Я подумала о Франческо, о том, как он неизменно посещает каждую проповедь Савонаролы. Жадно ловит каждое слово. Возвращается в свой богатый дом и балует меня подарками. Каждую ночь отправляется к своим подружкам.
«… Готовых расправиться с ним так же, как вы расправились с Пико».
Я вспомнила о Пико, о том, как он улыбался Лоренцо, держа в руке бокал; я вспомнила и другого Пико — изможденного, с впалыми глазницами. Вспомнила, как тихо произнес Франческо: «Пико? Кажется, он был сторонником Лоренцо? Увы… вряд ли он долго протянет».
Я тогда думала, что самая большая опасность для меня и моего отца — если Франческо просто откроет рот и заявит о моей связи с Медичи. Если просто заговорит.
«Было бы печально, если бы вашему отцу пришлось и дальше страдать от пыток. Ужасно, если он умрет».
Я думала, что понимала своего мужа. Оказалось, что я ничегошеньки не поняла.
Вокруг меня сгущалась жара, духота, тяжесть.

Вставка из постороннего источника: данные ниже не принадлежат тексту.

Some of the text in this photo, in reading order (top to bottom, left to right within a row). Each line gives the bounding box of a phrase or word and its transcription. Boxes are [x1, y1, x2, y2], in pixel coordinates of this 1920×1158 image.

Я опустила голову на грудь, но все никак не могла вздохнуть, чтобы разрыдаться.
Тут мое тело раскрылось, я услышала, как плеснула на каменный пол вода, и поняла, что эта жидкость вылилась из меня. Стул, ноги, рубашка — все сразу промокло, а когда я перепуганно вскочила, меня скрутило таким сильнейшим спазмом, что показалось, будто я выворачиваюсь наизнанку.

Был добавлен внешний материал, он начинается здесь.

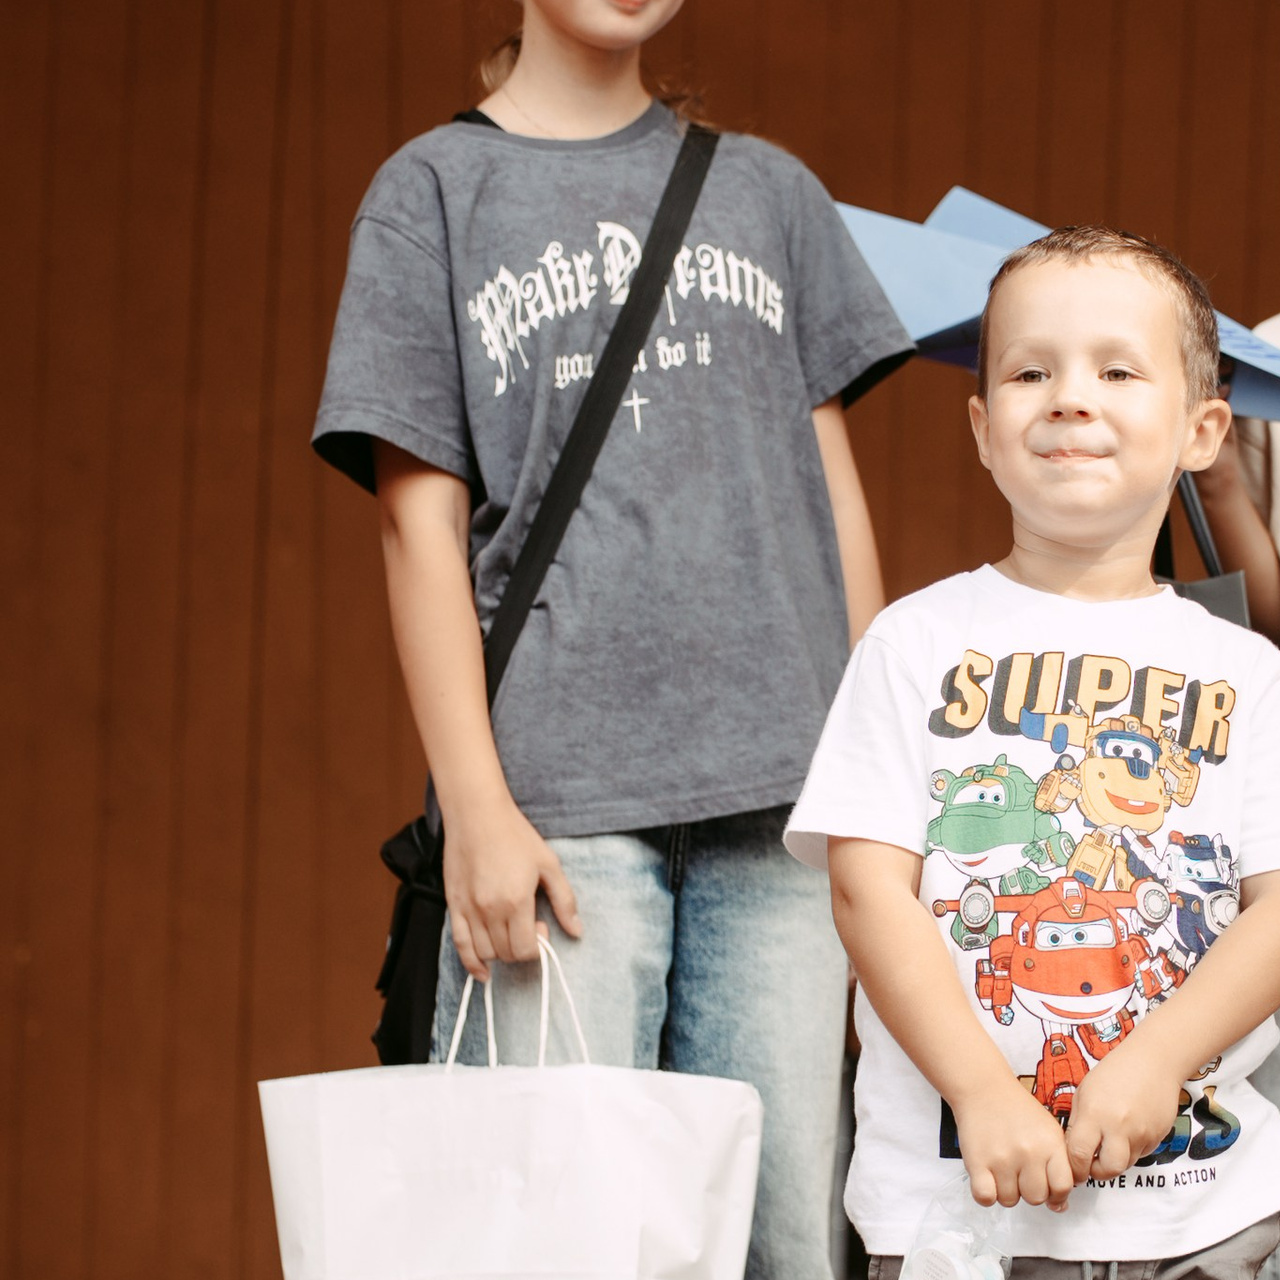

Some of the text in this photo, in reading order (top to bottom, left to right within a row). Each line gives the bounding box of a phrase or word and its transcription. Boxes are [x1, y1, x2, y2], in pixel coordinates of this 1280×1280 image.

[467, 221, 785, 397] Make Deams
[655, 335, 688, 371] do
[695, 331, 713, 367] it
[928, 648, 1236, 766] SUPER
[1135, 1174, 1166, 1188] AND
[1174, 1167, 1217, 1187] ACTION

Я с криком вцепилась в балконную ограду. Появилась задыхающаяся Дзалумма и вытаращила на меня глаза. Я велела ей послать за повитухой.
LVI
Франческо назвал мальчика Маттео Массимо: Массимо в честь отца Франческо и Маттео в честь его деда. Я, как покорная жена, не возражала, я всегда понимала, что не смогу назвать его Джулиано. И была рада узнать, что имя Маттео означало «дарованный Богом». Бог не мог сделать мне лучшего подарка.
Маттео был красивый и удивительный, он вернул мне мое сердце. Без него я не сумела бы вынести то, что узнала в кабинете мужа; без него у меня не осталось бы причины быть мужественной. Но ради ребенка я сохранила все в секрете и рассказала о письме лишь Дзалумме — это пришлось сделать, все равно она бы заметила, что я прячу ключ, о котором, кстати, Франческо ни разу не упомянул.

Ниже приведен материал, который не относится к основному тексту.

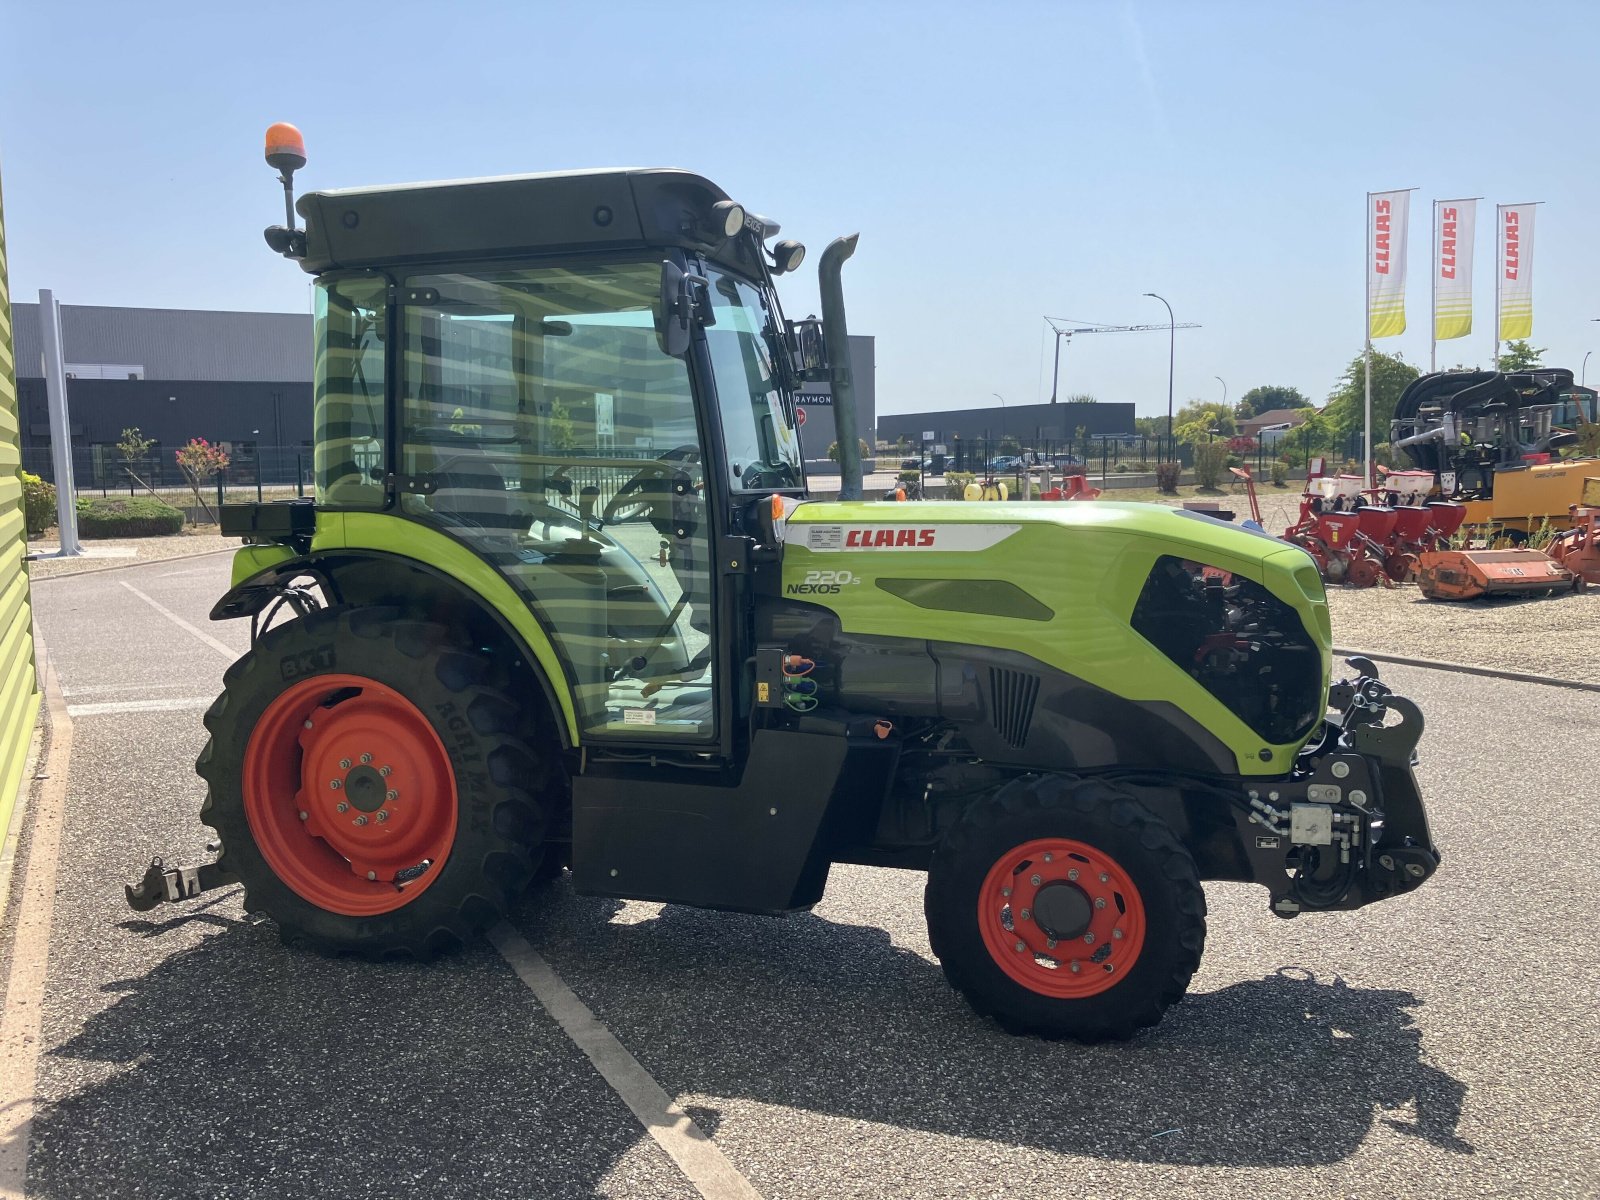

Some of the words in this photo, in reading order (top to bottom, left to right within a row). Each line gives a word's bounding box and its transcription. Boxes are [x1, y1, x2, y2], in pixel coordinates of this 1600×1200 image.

[1375, 199, 1391, 275] CLAAS
[1441, 207, 1457, 280] CLAAS
[1505, 211, 1519, 281] CLAAS
[845, 529, 936, 547] CLAAS
[786, 583, 841, 594] NEXOS
[280, 643, 335, 679] BKT

Когда я процитировала ей строчку про Пико, она сразу смекнула, что к чему, и в страхе перекрестилась.
На следующий день после рождения Маттео его крестили в Сан-Джованни, где я выходила замуж во второй раз. Официальное крещение состоялось две недели спустя в церкви Пресвятой Аннунциаты, расположенной к северу от Сан-Джованни, в соседнем районе. Много поколений семья Франческо имела там личный придел. Церковь стояла на краю площади, а напротив располагался сиротский приют. Улицу украшали сводчатые колоннады зданий, на каждом из которых стояло клеймо Микелоццо.